KR20030061512A - Data security system and method therefor - Google Patents

Abstract

PURPOSE: A data security system and a method for securing the same are provided to secure effectively data in the real-time communication such as the telephone communication by using a public key and a data encryption key method. CONSTITUTION: A data security system includes a crypto-module(304) and a communication unit(300) including a communication circuit(302). The crypto-module is used for generating a data encryption key and a public key, encoding the transmitting data by using a public key of an opposite communication unit, and decoding the received data by using the data encryption key. The communication circuit is used for capsuling the encoded data, transmitting the capsuled data to the opposite communication circuit, extracting the encoded data from the received data, and outputting the extracted data to the crypto-module.

Description

DATA SECURITY SYSTEM AND METHOD THEREFOR}

The present invention relates to a data security system and method for securing the data not to be decrypted even if the data transmitted during data transmission between wired and wireless devices.

Recently, a widely used method for data security between both ends, including wired and wireless, is a public key / private key based data encryption method. This public key / secret key based data encryption method is an asymmetric encryption method using two different but related encryption keys as opposed to the conventional symmetric encryption method using only one key.

Data security by public key / secret key based data encryption method is performed through the following process.

a) Systems at both ends of the network generate a pair of keys (public and private).

b) Each system publishes its encryption key in a public register or file, keeping the rest of the key secret.

c) If system A wants to send a message to system B, it encrypts the message using system B's public key.

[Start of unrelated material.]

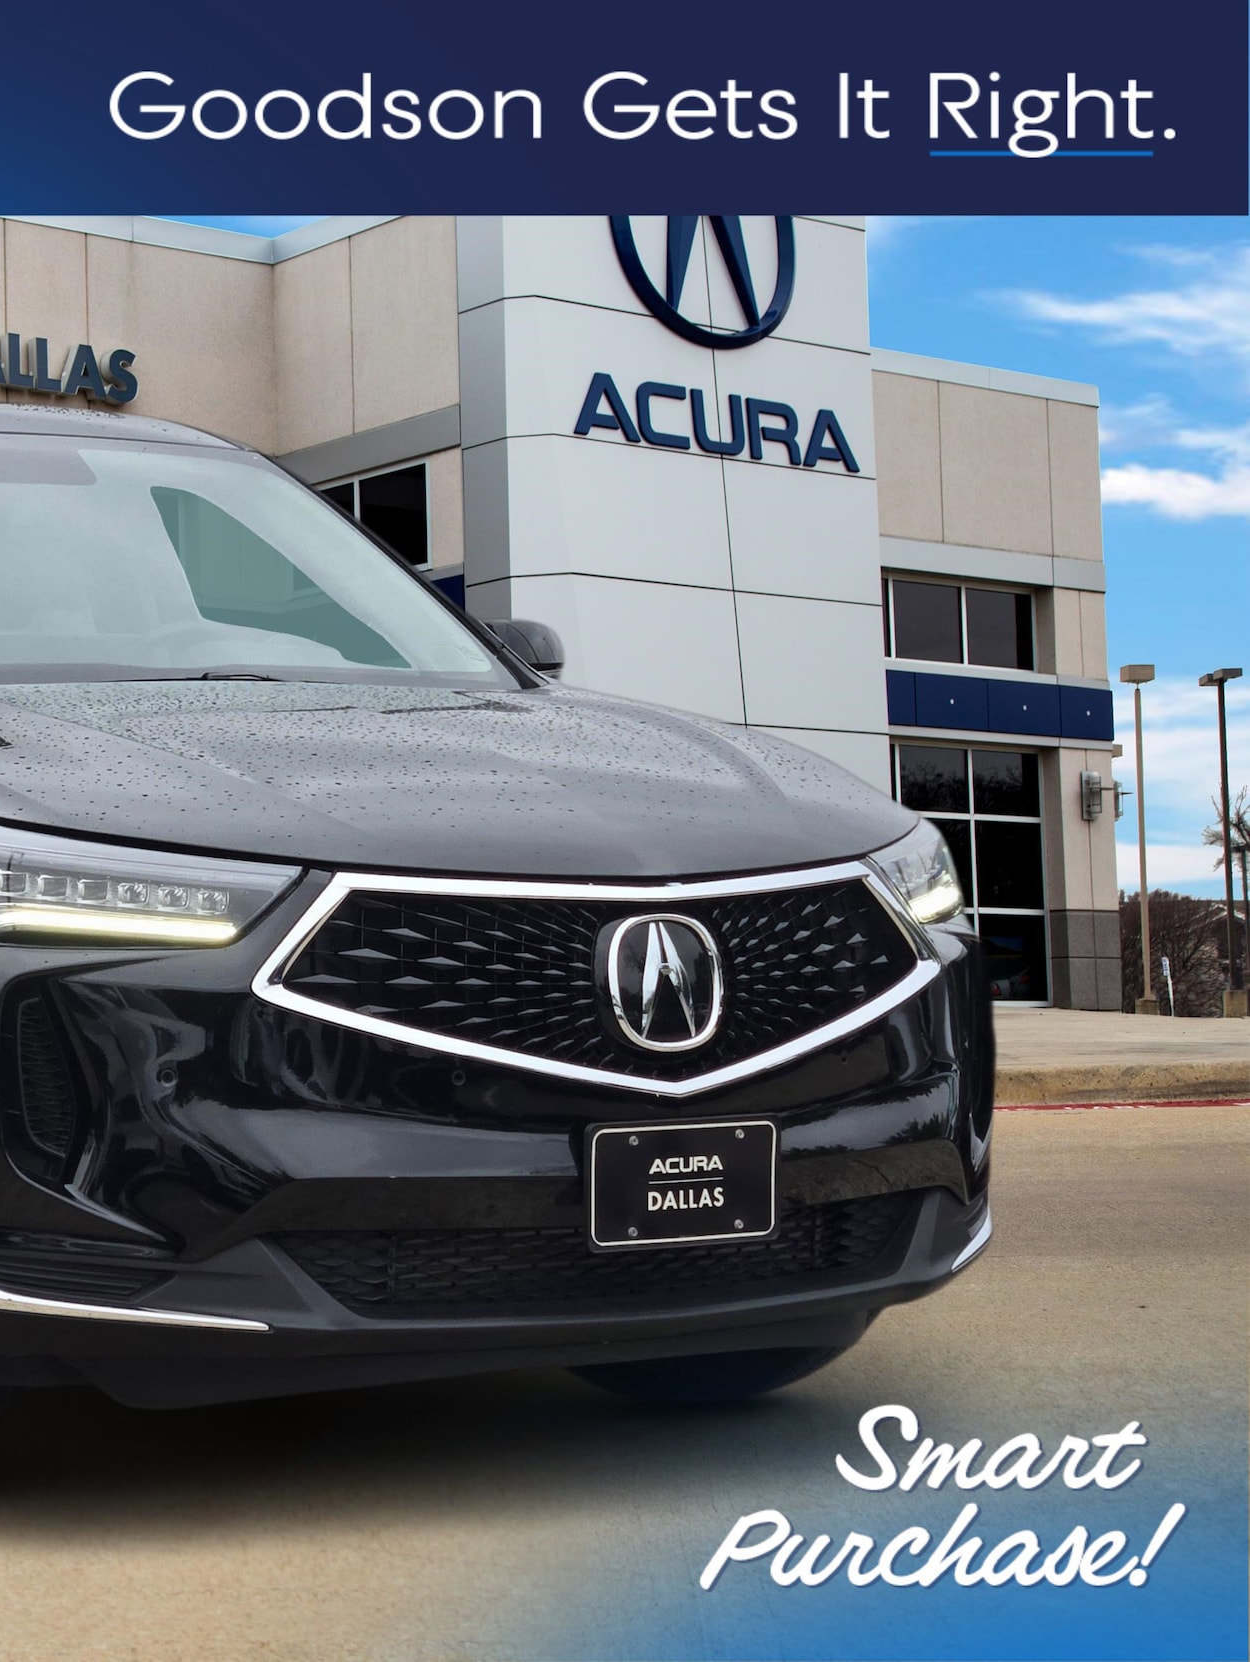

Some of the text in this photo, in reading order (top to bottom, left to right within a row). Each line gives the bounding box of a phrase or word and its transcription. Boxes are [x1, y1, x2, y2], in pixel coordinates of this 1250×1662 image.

[573, 372, 860, 473] ACURA
[648, 1155, 724, 1175] ACURA
[647, 1186, 725, 1212] DALLAS

d) When system B receives the message, it decrypts the message with its private key. Since system B only knows the secret key of system B, the other receiving system cannot decrypt the message sent by system A.

The encryption and decryption performed in steps c and d are briefly expressed as equations.

Encryption: cipher text = [plain text] e (mod n)

Decryption: Plain Text = [Password] d (mod n)

As can be seen from the above equation, the remainder of the plaintext e-squared, divided by n is the ciphertext, and the remainder of the ciphertext d-squared and divided by n is the original plaintext. The larger e, d, and n are better for making stronger ciphertexts, but because they require more computational power, they are set appropriately for the device.

The security system or method using the public key / secret key based data encryption method is applied to various fields, and in particular, between electronic transaction service providers and users, such as banks, securities companies, shopping malls, and public offices, using communication networks such as the Internet. It is applied to secure such information in the transmission of confidential information such as user ID, credit card number, account number and password thereof.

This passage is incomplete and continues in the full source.